● **What you are asked to do**:
Print the line that contains "this 1600×1200 image." and every line that follows it in the data below, ending with the final line; include nothing else.

● **Input data**:
===

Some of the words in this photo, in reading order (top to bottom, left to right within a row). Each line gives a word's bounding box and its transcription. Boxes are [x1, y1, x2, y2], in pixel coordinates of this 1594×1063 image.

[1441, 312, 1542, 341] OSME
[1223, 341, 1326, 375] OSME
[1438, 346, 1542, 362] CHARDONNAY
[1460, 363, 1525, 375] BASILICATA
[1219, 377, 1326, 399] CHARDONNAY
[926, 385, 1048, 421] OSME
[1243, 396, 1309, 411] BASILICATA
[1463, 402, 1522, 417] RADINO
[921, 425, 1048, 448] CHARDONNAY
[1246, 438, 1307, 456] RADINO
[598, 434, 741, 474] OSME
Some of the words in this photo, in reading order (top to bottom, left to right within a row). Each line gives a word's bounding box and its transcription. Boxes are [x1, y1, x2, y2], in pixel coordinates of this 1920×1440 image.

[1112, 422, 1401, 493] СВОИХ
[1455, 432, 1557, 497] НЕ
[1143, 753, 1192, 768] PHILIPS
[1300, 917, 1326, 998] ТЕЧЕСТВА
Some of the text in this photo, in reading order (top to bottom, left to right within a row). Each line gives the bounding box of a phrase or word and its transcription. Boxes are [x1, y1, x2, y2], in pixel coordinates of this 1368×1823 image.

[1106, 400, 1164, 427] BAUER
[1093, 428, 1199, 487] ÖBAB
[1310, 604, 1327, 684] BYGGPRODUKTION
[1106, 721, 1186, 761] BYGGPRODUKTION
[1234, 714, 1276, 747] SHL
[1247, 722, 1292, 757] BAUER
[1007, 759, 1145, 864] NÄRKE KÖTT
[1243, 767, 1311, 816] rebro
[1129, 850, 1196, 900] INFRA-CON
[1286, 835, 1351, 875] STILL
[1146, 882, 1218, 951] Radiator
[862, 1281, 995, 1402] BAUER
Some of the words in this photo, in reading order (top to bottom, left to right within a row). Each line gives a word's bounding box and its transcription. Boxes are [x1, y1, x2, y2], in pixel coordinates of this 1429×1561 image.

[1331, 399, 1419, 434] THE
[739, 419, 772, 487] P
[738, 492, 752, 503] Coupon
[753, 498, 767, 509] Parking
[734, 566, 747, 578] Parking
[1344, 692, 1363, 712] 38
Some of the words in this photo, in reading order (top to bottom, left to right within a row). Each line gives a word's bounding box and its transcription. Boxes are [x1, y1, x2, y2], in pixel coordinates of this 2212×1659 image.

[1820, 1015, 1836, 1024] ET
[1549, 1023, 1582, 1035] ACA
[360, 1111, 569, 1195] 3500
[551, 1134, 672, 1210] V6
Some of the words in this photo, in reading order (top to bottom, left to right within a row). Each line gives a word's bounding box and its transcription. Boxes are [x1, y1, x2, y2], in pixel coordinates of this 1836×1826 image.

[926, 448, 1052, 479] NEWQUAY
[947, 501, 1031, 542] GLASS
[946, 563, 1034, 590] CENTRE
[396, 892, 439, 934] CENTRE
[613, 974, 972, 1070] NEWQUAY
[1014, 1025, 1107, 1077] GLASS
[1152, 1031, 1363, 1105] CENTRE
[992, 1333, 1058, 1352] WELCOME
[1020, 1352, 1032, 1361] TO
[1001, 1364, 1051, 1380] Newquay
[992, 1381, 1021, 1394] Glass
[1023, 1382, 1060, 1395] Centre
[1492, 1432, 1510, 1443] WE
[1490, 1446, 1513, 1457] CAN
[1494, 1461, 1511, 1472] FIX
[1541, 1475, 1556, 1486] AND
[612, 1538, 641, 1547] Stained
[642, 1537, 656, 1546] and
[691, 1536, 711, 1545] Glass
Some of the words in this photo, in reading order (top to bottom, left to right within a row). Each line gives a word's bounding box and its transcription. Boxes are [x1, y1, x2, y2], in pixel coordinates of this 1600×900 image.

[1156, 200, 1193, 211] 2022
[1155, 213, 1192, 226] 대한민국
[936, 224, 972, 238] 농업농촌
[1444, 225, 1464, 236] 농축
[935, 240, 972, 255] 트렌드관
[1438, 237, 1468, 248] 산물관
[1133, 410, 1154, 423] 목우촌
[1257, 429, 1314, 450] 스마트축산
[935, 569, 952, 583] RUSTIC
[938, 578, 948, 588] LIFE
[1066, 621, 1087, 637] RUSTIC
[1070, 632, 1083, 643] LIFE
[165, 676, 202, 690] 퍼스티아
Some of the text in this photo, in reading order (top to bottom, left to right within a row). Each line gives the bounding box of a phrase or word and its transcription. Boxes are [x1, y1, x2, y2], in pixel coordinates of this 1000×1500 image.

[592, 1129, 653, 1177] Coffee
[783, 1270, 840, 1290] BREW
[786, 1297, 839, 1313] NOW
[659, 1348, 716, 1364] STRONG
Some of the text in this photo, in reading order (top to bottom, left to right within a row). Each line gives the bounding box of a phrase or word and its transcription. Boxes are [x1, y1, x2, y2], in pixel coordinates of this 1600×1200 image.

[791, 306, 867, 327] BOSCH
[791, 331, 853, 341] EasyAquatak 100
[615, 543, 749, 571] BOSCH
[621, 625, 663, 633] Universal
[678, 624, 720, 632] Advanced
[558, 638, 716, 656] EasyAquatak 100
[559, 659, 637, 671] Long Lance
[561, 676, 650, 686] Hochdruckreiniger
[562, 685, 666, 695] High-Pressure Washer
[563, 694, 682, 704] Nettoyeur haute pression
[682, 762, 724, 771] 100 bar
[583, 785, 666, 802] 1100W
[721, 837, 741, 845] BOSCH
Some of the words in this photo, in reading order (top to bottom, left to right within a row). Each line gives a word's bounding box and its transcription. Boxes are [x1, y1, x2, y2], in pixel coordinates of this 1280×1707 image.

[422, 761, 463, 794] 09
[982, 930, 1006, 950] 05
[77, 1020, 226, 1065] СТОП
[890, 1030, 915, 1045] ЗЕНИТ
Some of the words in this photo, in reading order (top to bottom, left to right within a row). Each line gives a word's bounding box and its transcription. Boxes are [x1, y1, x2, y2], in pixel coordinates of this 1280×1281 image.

===

● **Solution to this task**:
Some of the text in this photo, in reading order (top to bottom, left to right within a row). Each line gives the bounding box of a phrase or word and its transcription. Boxes are [x1, y1, x2, y2], in pixel coordinates of this 1600×1200 image.

[791, 306, 867, 327] BOSCH
[791, 331, 853, 341] EasyAquatak 100
[615, 543, 749, 571] BOSCH
[621, 625, 663, 633] Universal
[678, 624, 720, 632] Advanced
[558, 638, 716, 656] EasyAquatak 100
[559, 659, 637, 671] Long Lance
[561, 676, 650, 686] Hochdruckreiniger
[562, 685, 666, 695] High-Pressure Washer
[563, 694, 682, 704] Nettoyeur haute pression
[682, 762, 724, 771] 100 bar
[583, 785, 666, 802] 1100W
[721, 837, 741, 845] BOSCH
Some of the words in this photo, in reading order (top to bottom, left to right within a row). Each line gives a word's bounding box and its transcription. Boxes are [x1, y1, x2, y2], in pixel coordinates of this 1280×1707 image.

[422, 761, 463, 794] 09
[982, 930, 1006, 950] 05
[77, 1020, 226, 1065] СТОП
[890, 1030, 915, 1045] ЗЕНИТ
Some of the words in this photo, in reading order (top to bottom, left to right within a row). Each line gives a word's bounding box and its transcription. Boxes are [x1, y1, x2, y2], in pixel coordinates of this 1280×1281 image.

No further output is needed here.